__WORK ORDER__.
Leave the images aside and copy out the whole listing, exact to the word.

__DATA LISTING__.

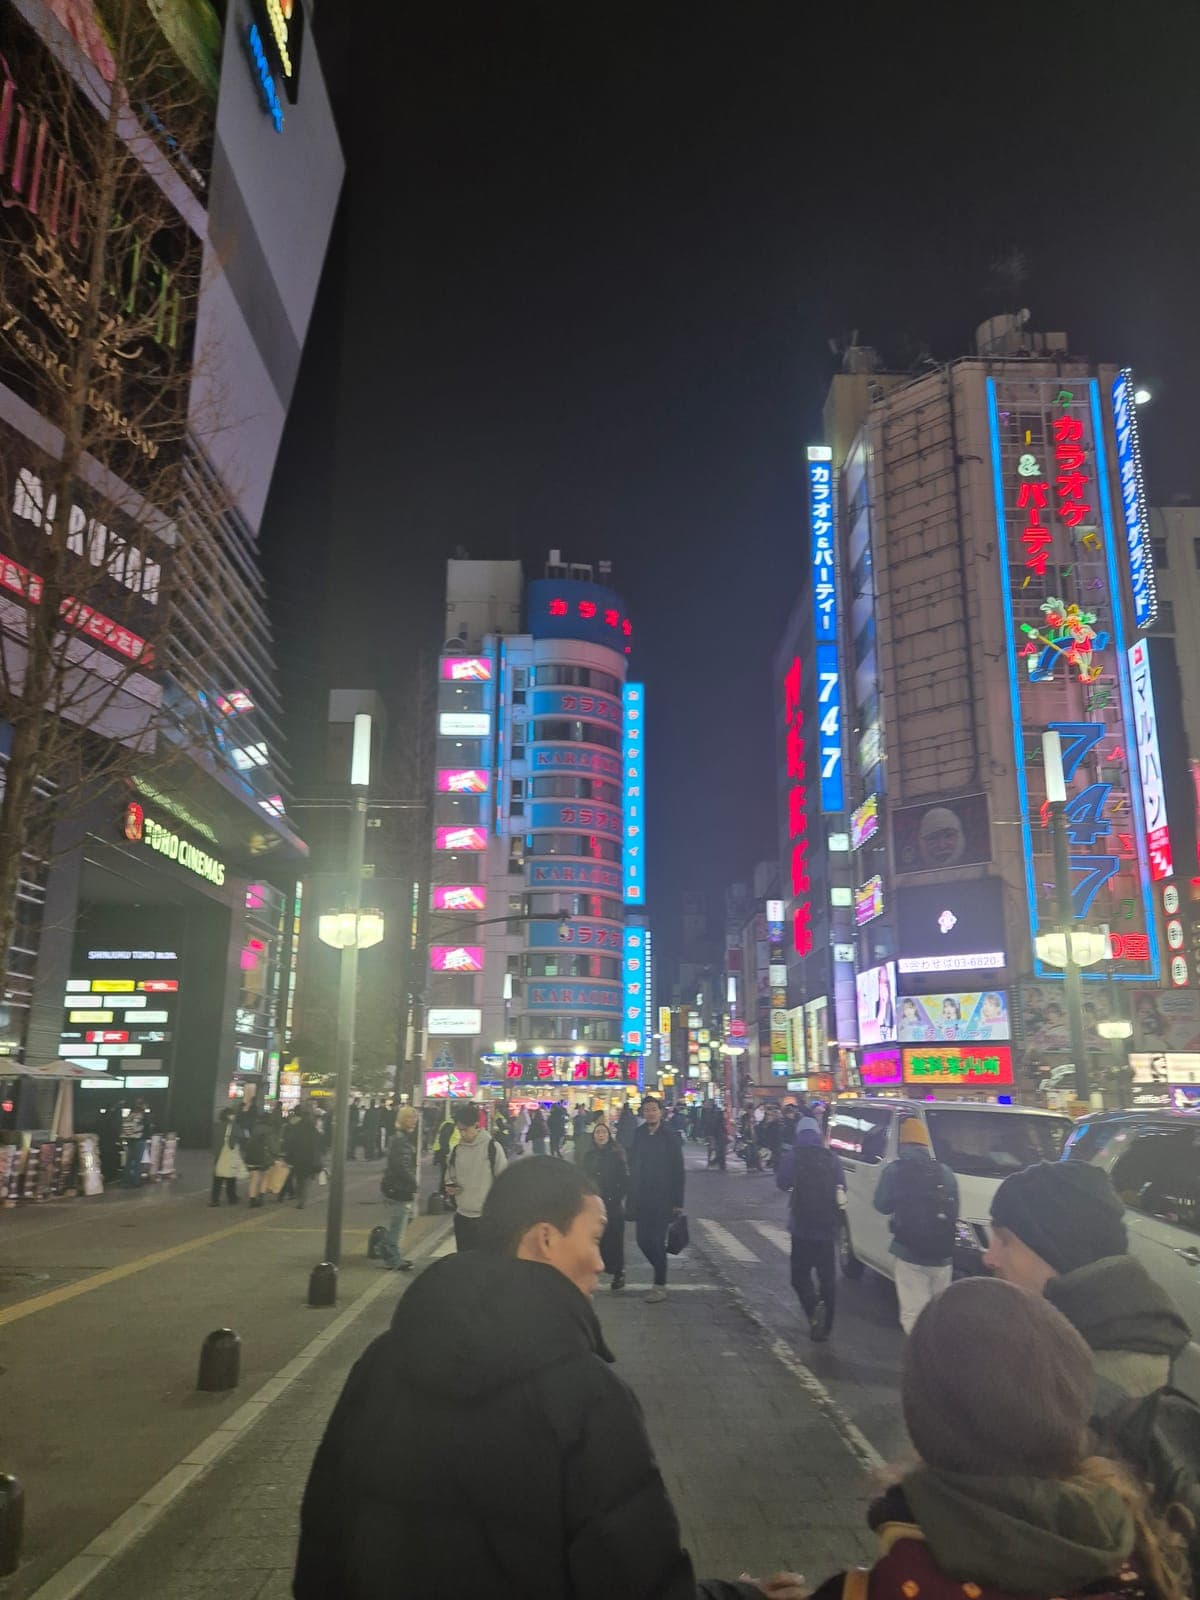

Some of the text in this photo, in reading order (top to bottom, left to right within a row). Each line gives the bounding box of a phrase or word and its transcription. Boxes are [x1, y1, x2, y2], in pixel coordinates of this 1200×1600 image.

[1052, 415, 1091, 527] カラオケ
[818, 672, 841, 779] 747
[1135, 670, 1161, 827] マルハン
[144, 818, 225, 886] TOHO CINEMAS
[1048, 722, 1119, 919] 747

__OUTPUT BELOW__.
Some of the text in this photo, in reading order (top to bottom, left to right within a row). Each line gives the bounding box of a phrase or word and its transcription. Boxes are [x1, y1, x2, y2], in pixel coordinates of this 1200×1600 image.

[1052, 415, 1091, 527] カラオケ
[818, 672, 841, 779] 747
[1135, 670, 1161, 827] マルハン
[144, 818, 225, 886] TOHO CINEMAS
[1048, 722, 1119, 919] 747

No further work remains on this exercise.